I am about done with dogs, but I bet I can get almost attacked by a monkey before we leave India…

Sometime after we found a great little place that served delicious, life-saving espresso. We sat in the café and watched the hustle of the street. The bicycle rickshaws, a stray cat, a fruit vendor perfecting his display, some Korean tourists. They’re not hard to spot. They usually wear the cloth masks over their mouth and nose and wide-brimmed hats. They often carry huge expensive cameras around their neck without a case for it. The young ones wear the “ali-baba” genie pants that all the vendors try to sell tourists. And they all look nervous.

The Rickshaw

Then we tried the rickshaw. Perhaps one of the most iconic symbols of India, the little covered yellow and black or yellow and green three-wheeled motored scooter with a driver and just enough room in the back for two or three people. Or four Indians. Or ten Indian school children.

Our first rickshaw ride (links to youtube)

With its open sides, sputtering motor and their driver’s penchant for getting anywhere by any means possible, Maria and I were suddenly plunged right into the tide of the traffic chaos. Riding its choppy waves, bumping along in the symphony of honks, breathing its fumes, and eating the dust it kicked up. Watching as every vehicle virtually scraped the sides of the rickshaw as it squeezed through the crammed streets. To be a rickshaw driver you must need some balance of grace, intuition, and insanity. They are everywhere all of the time. They seem to bite the wheels of motorcyclists, toe right up to the ass of huge trucks, sneak down the smallest of side streets. Like an egg on wheels that bursts recklessly through traffic, the rickshaw (or “tuk tuk” as the Indians call them… perhaps for the sound they make) serve their purpose well. I even got to drive one once we were in the much-quieter south of India.

The thing about rickshaw drivers in the city is that they all have a motive. If they can get you to one of the fancy shops where it becomes a task to NOT buy anything, they are going to make a commission for delivering you there. If you get in a rickshaw in the city, you will almost always have some kind of battle on your hands to just get to where you want to go. Never ask them to take you to “some kind of place” like “we want to go shopping” or “we want to go to a restaurant”. Forget it. You will be taken to an overblown shop where they will “wait for you” (and wait for their commission when you’re bullied into buying shit you don’t want.) They are persistent.  Just tell them exactly where you need to go and don’t let them convince you otherwise. Here is why.

Once such guy in Delhi took us to a shop in Connaught Circle, where all of the expensive shops sit. We just wanted to go to Connaught Circle and wander around, but he heard “we want to shop at an expensive store.” So he brought us to this shop and walked us in, where tiers of salespeople were waiting like spiders in a multi-layered web. First was the shawls. Then came the carpets, then came the clothes. All nice, all ridiculously overpriced. You know, finest quality and all that.

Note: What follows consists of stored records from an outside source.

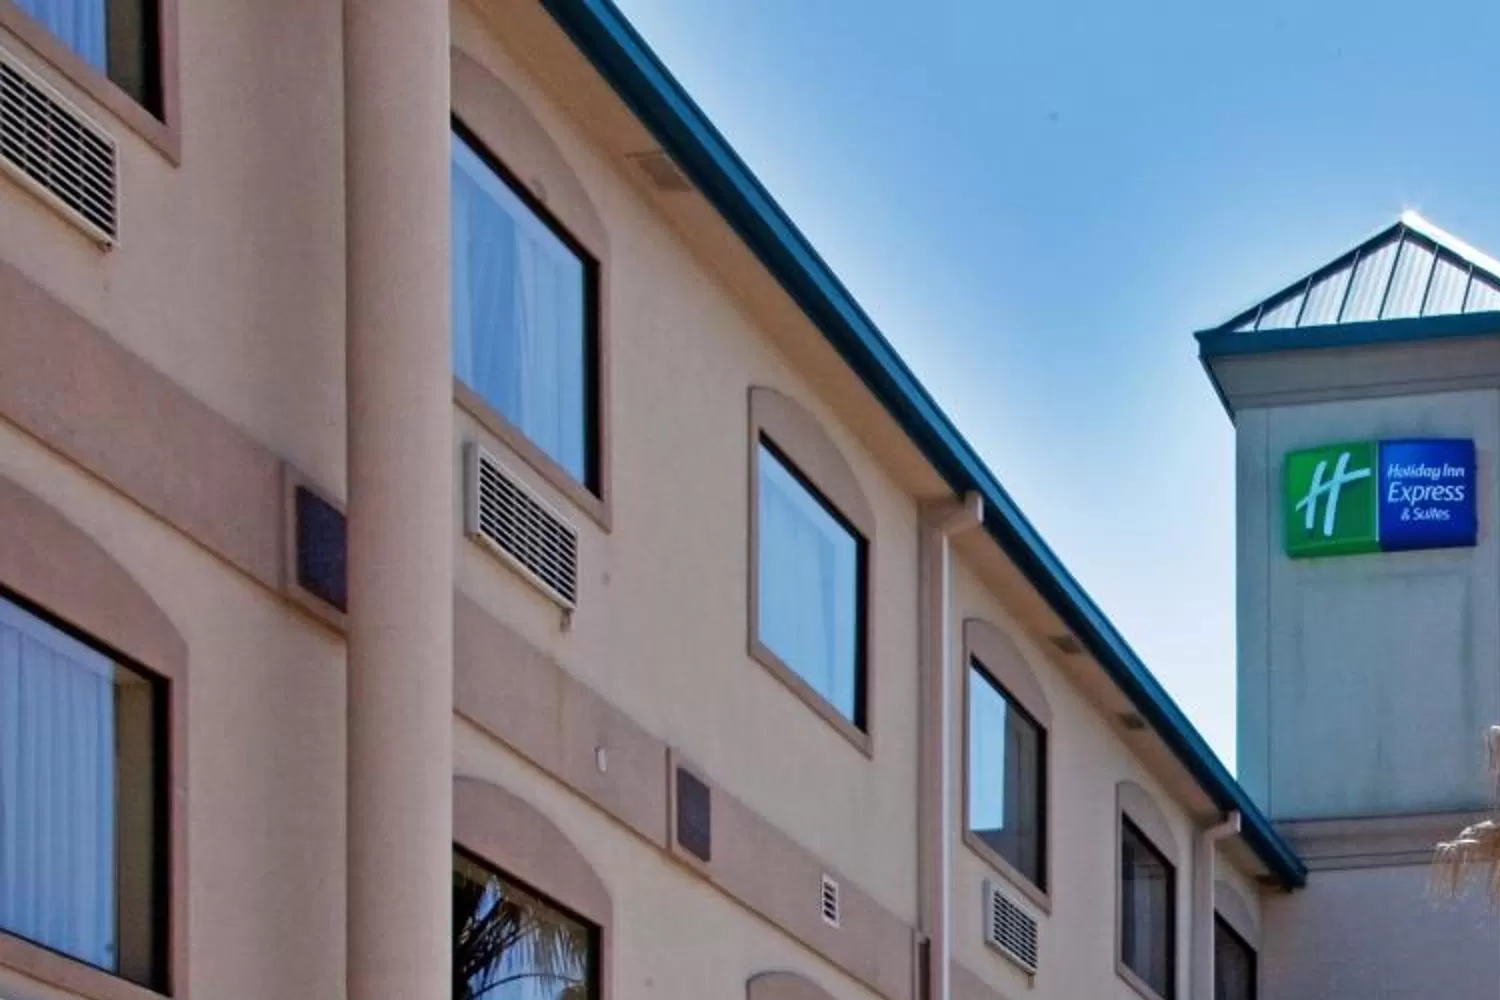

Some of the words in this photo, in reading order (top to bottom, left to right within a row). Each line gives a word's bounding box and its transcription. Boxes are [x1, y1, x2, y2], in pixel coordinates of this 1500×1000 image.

[1387, 463, 1440, 480] Holiday
[1441, 465, 1465, 477] Inn
[1295, 452, 1371, 536] H
[1387, 482, 1465, 505] Express
[1401, 508, 1410, 521] &
[1412, 508, 1450, 520] Suites

We didn’t stay long much to the dismay of the three salespeople who’d had a go at us. I was starved. Of course the rickshaw driver was still lurking so we asked him to bring us to a restaurant. He brought us down the road to some kind of Indian fast food restaurant, and we took one look inside and said “this is not what we want.”

“This is a [Western style fast food] restaurant.”

“This is fast food. We don’t want that.”

“It’s Indian food.”

“Nevertheless, we don’t want it.”

So we found a little deli counter that served fresh samosas, and we destroyed about eight of them in minutes. We had finally shaken off the rickshaw driver who had been persistent in trying to get us to go shopping again, then offered to give us a tour for a fixed rate, but we had to get rid of him. I was getting tired and my patience was running out.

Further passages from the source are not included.